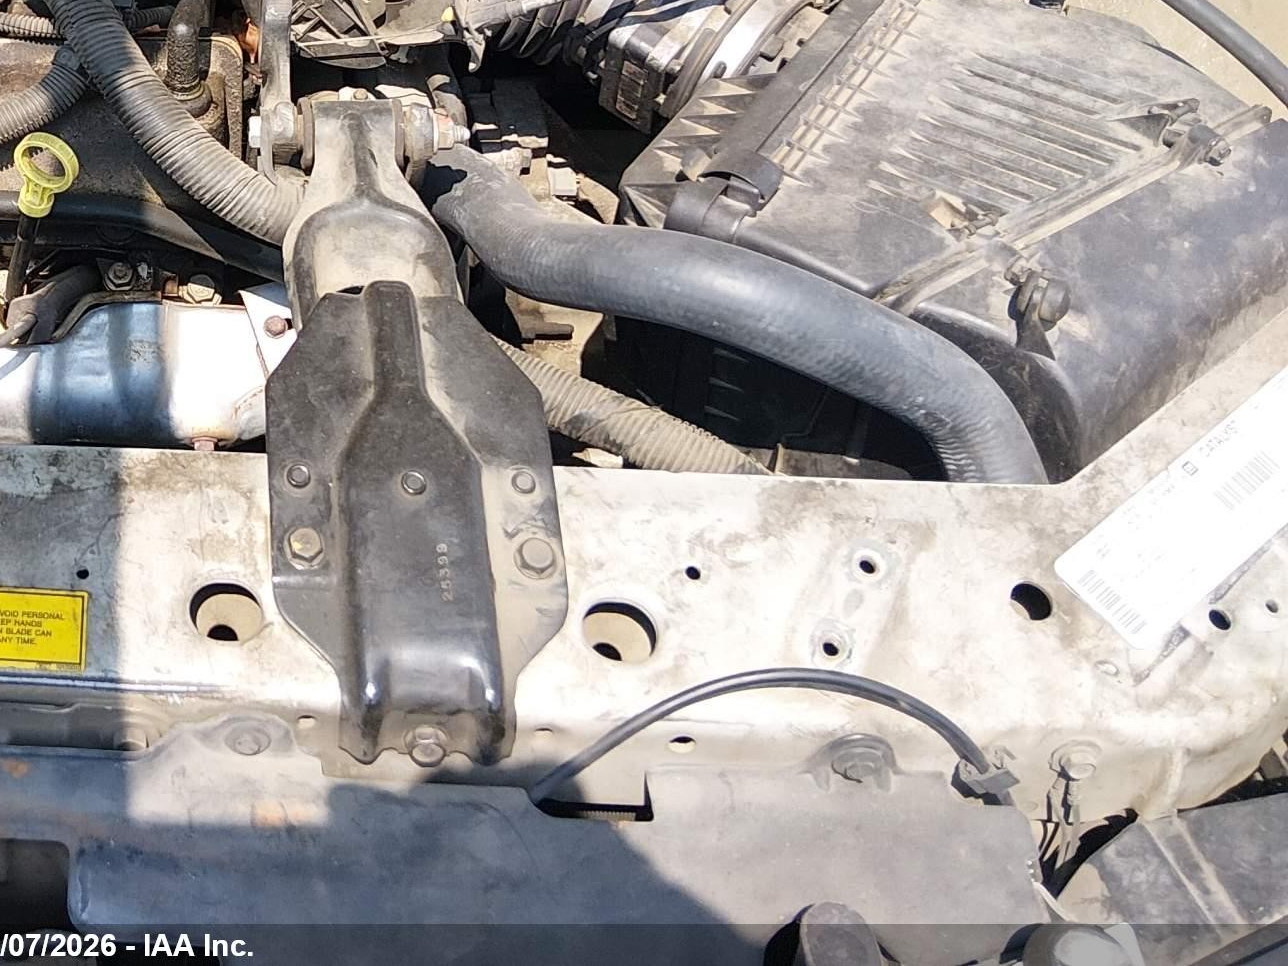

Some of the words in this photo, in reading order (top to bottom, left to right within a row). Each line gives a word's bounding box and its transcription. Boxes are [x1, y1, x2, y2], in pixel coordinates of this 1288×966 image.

[21, 611, 64, 620] PERSONAL
[14, 619, 43, 628] HANDS
[5, 627, 32, 636] BLADE
[35, 629, 52, 637] CAN

======

Work required: Would you please print the entries once more, word for word, minus the pictures?

Task response:
Some of the words in this photo, in reading order (top to bottom, left to right within a row). Each line gives a word's bounding box and its transcription. Boxes are [x1, y1, x2, y2], in pixel coordinates of this 1288×966 image.

[21, 611, 64, 620] PERSONAL
[14, 619, 43, 628] HANDS
[5, 627, 32, 636] BLADE
[35, 629, 52, 637] CAN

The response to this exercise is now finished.